What is needed - What is needed is an exact repeat of the entries, with no pictures in it.

Information provided -

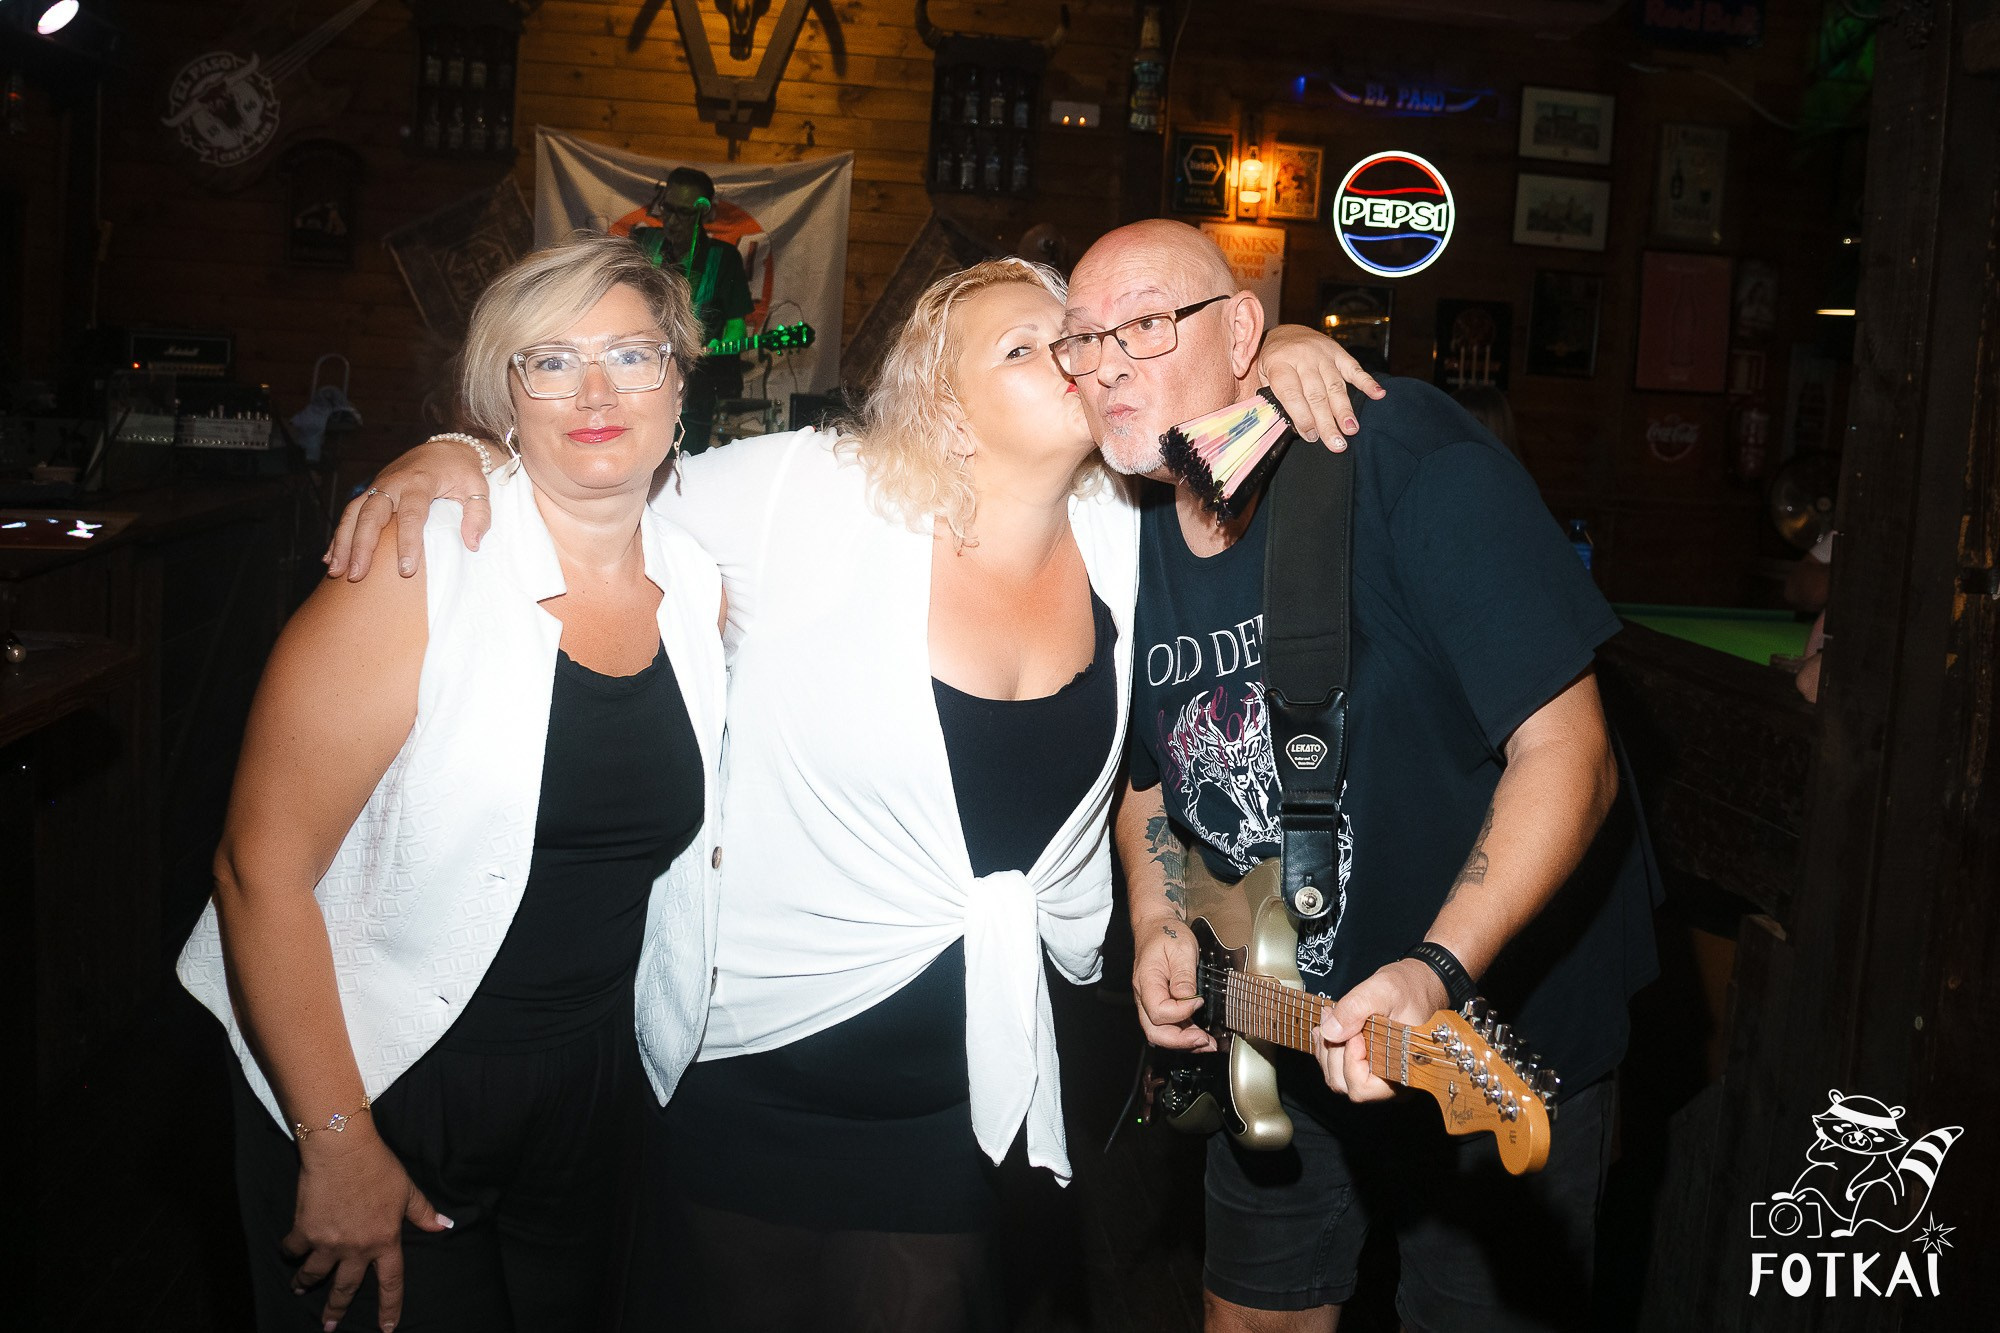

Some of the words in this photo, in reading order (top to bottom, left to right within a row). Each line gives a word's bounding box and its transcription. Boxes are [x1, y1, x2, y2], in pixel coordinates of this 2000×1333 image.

[1364, 83, 1388, 107] EL
[1396, 87, 1445, 112] PASO
[1341, 196, 1448, 232] PEPSI
[1291, 743, 1321, 753] LEKATO
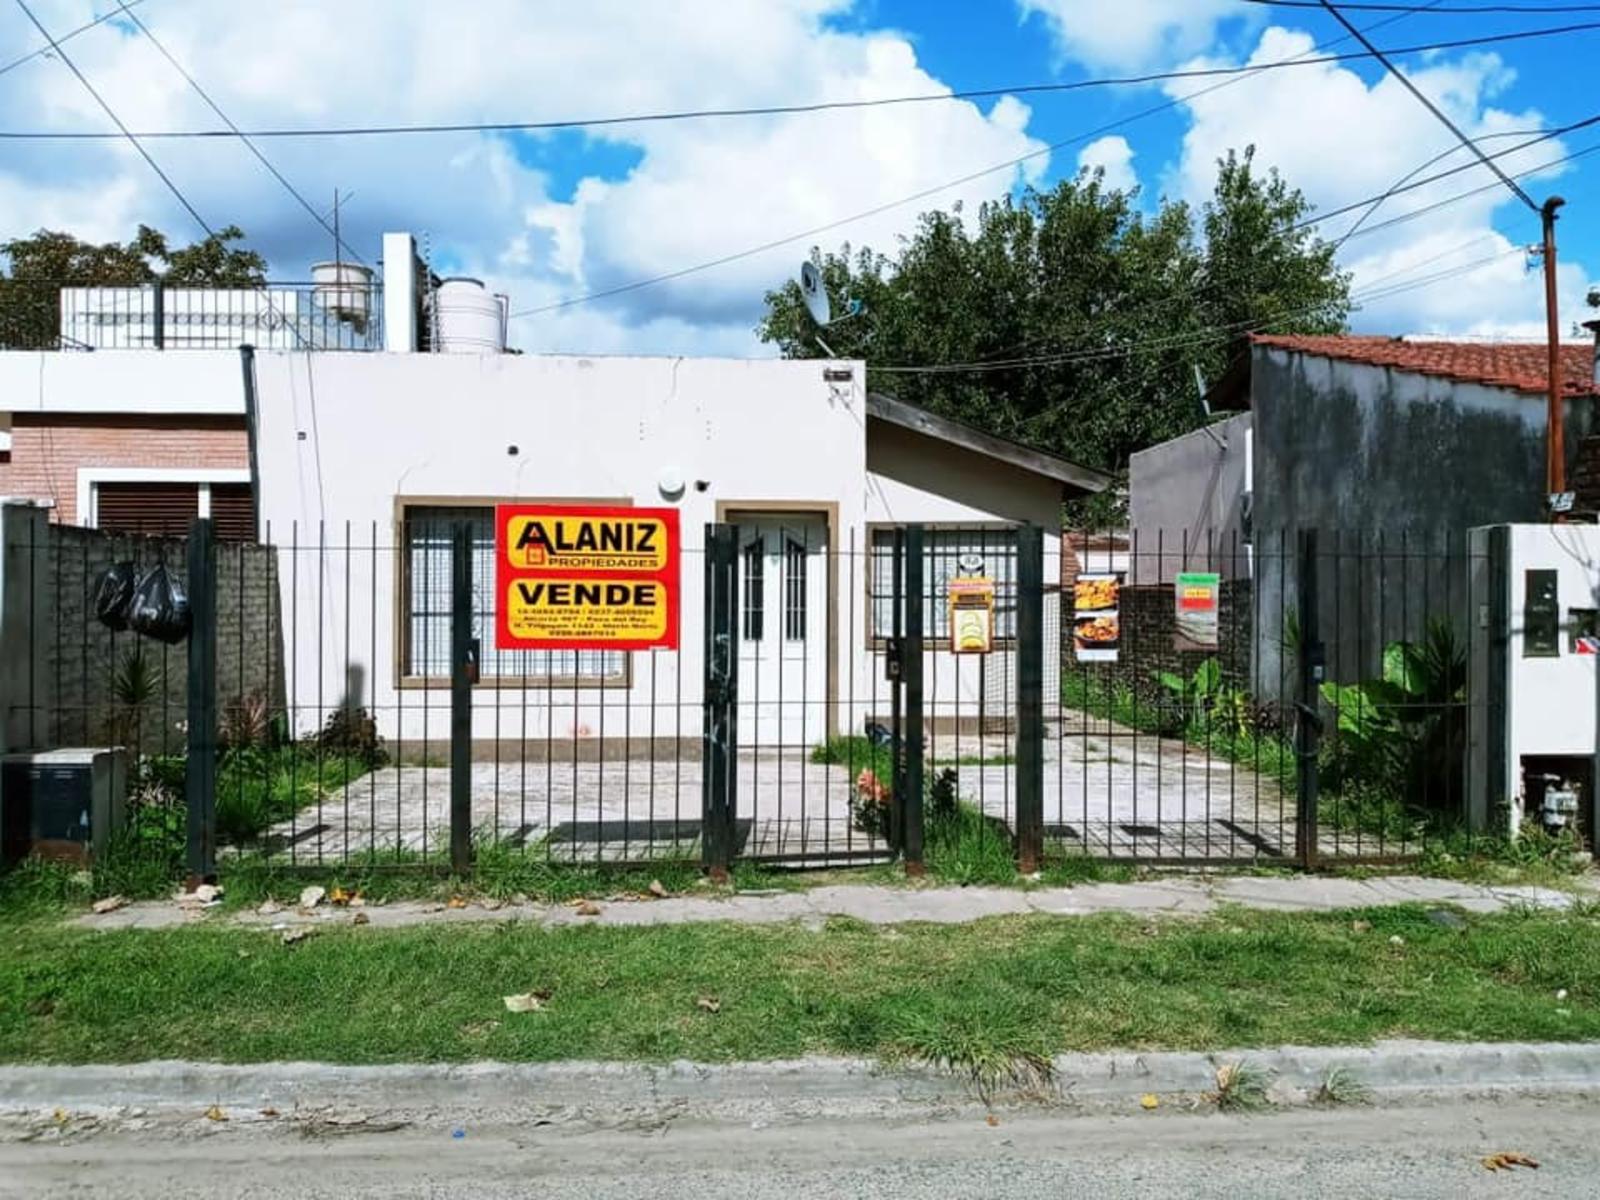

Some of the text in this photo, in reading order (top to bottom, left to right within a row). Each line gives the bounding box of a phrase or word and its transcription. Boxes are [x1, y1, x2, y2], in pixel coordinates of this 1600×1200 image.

[515, 521, 658, 555] ALANIZ
[548, 557, 659, 568] PROPIEDADES
[517, 583, 656, 606] VENDE
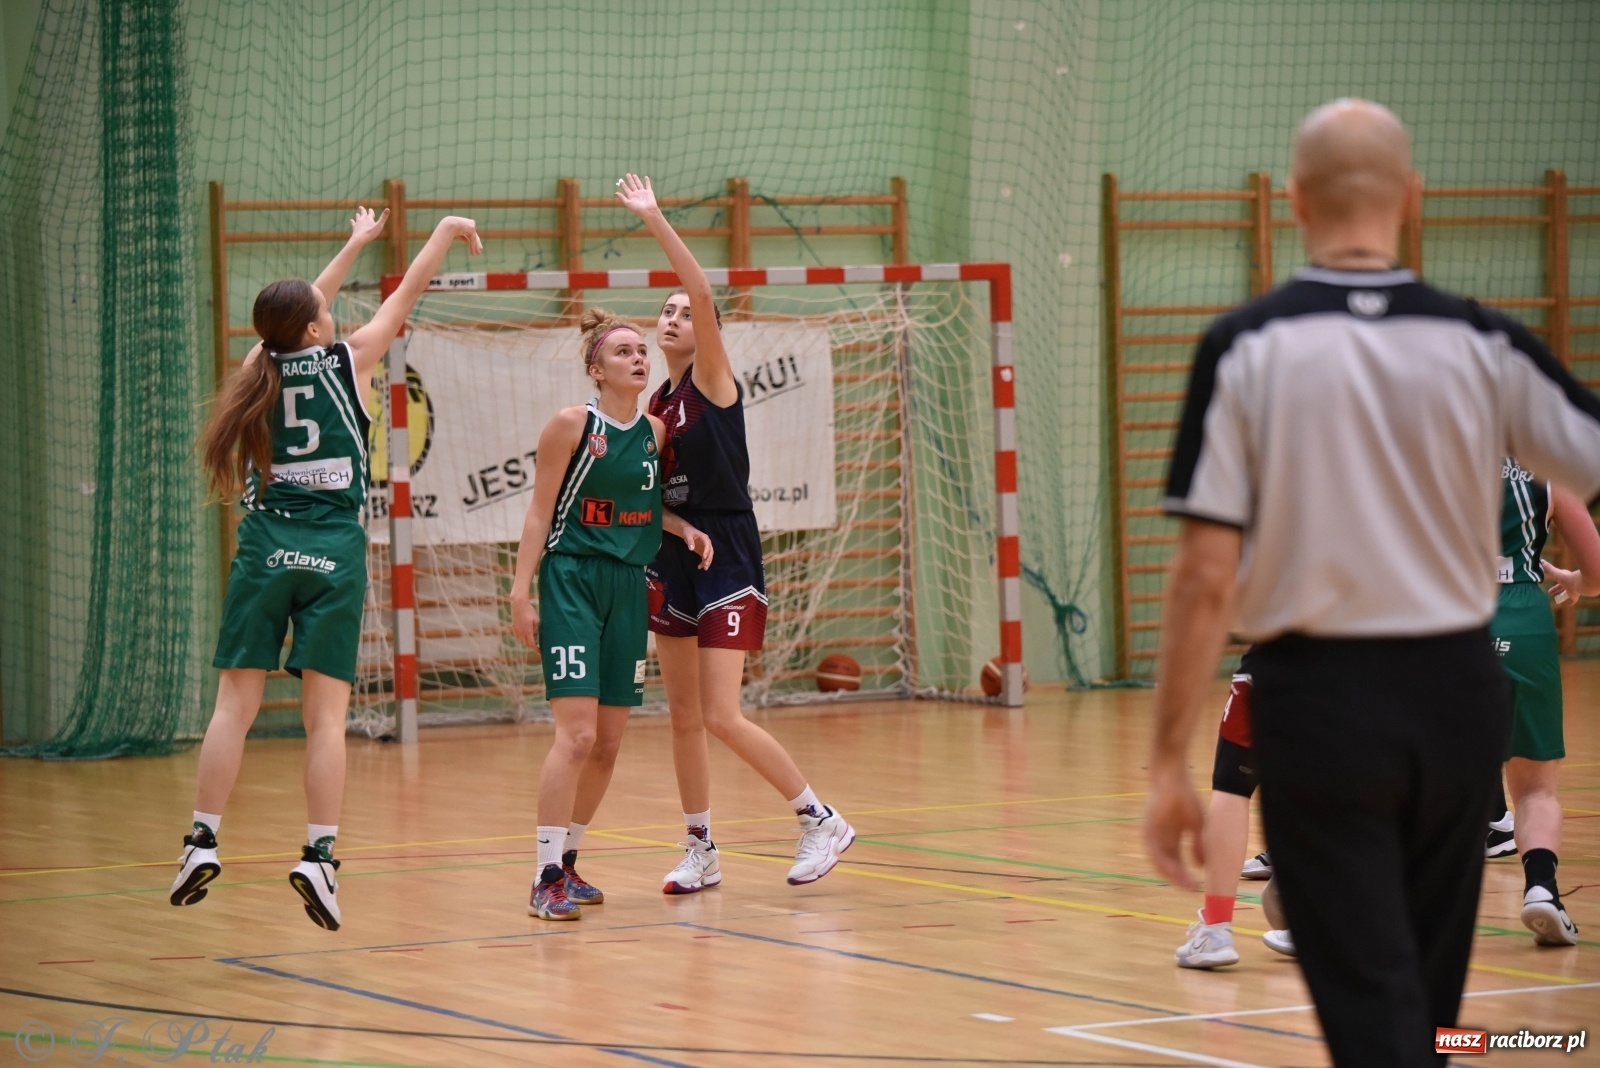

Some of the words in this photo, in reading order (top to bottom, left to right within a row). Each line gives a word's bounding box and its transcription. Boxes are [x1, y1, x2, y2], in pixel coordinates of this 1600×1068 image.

[283, 384, 320, 456] 5
[462, 450, 537, 505] JEST
[641, 460, 658, 490] 3
[583, 501, 609, 523] K
[283, 551, 337, 571] Clavis
[727, 611, 740, 637] 9
[550, 645, 586, 681] 35
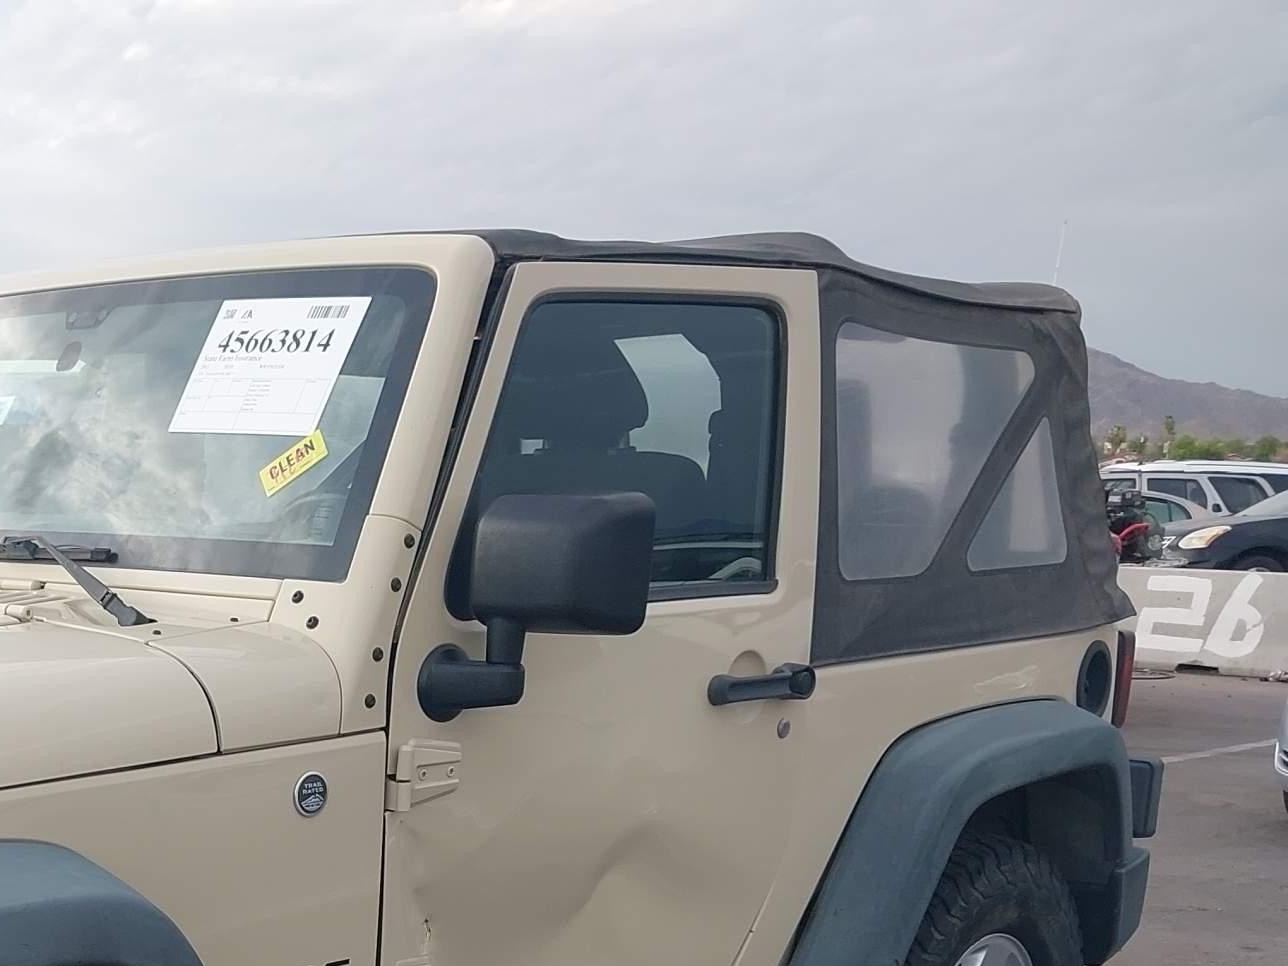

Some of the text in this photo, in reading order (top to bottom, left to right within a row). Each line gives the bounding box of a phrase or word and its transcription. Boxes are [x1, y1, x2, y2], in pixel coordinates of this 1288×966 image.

The completed task -
Some of the words in this photo, in reading order (top to bottom, left to right within a row). Each line gives a word's bounding box and its transcription. Boxes are [x1, y1, x2, y2], in pixel coordinates of this 2000×1333 image.

[1364, 83, 1388, 107] EL
[1396, 87, 1445, 112] PASO
[1341, 196, 1448, 232] PEPSI
[1291, 743, 1321, 753] LEKATO

Some of the text in this photo, in reading order (top to bottom, left to right within a row). Each line gives the bounding box of a phrase or word and its transcription. Boxes are [x1, y1, x2, y2], in pixel coordinates of this 1600×1200 image.

[515, 521, 658, 555] ALANIZ
[548, 557, 659, 568] PROPIEDADES
[517, 583, 656, 606] VENDE

Some of the words in this photo, in reading order (top to bottom, left to right within a row). Each line gives a word's bounding box and its transcription. Boxes are [x1, y1, x2, y2], in pixel coordinates of this 1600×1068 image.

[283, 384, 320, 456] 5
[462, 450, 537, 505] JEST
[641, 460, 658, 490] 3
[583, 501, 609, 523] K
[283, 551, 337, 571] Clavis
[727, 611, 740, 637] 9
[550, 645, 586, 681] 35

Some of the text in this photo, in reading order (top to bottom, left to right within a row). Each line gives the bounding box of a phrase or word and its transcription. Boxes are [x1, y1, x2, y2], in pixel coordinates of this 1288×966 image.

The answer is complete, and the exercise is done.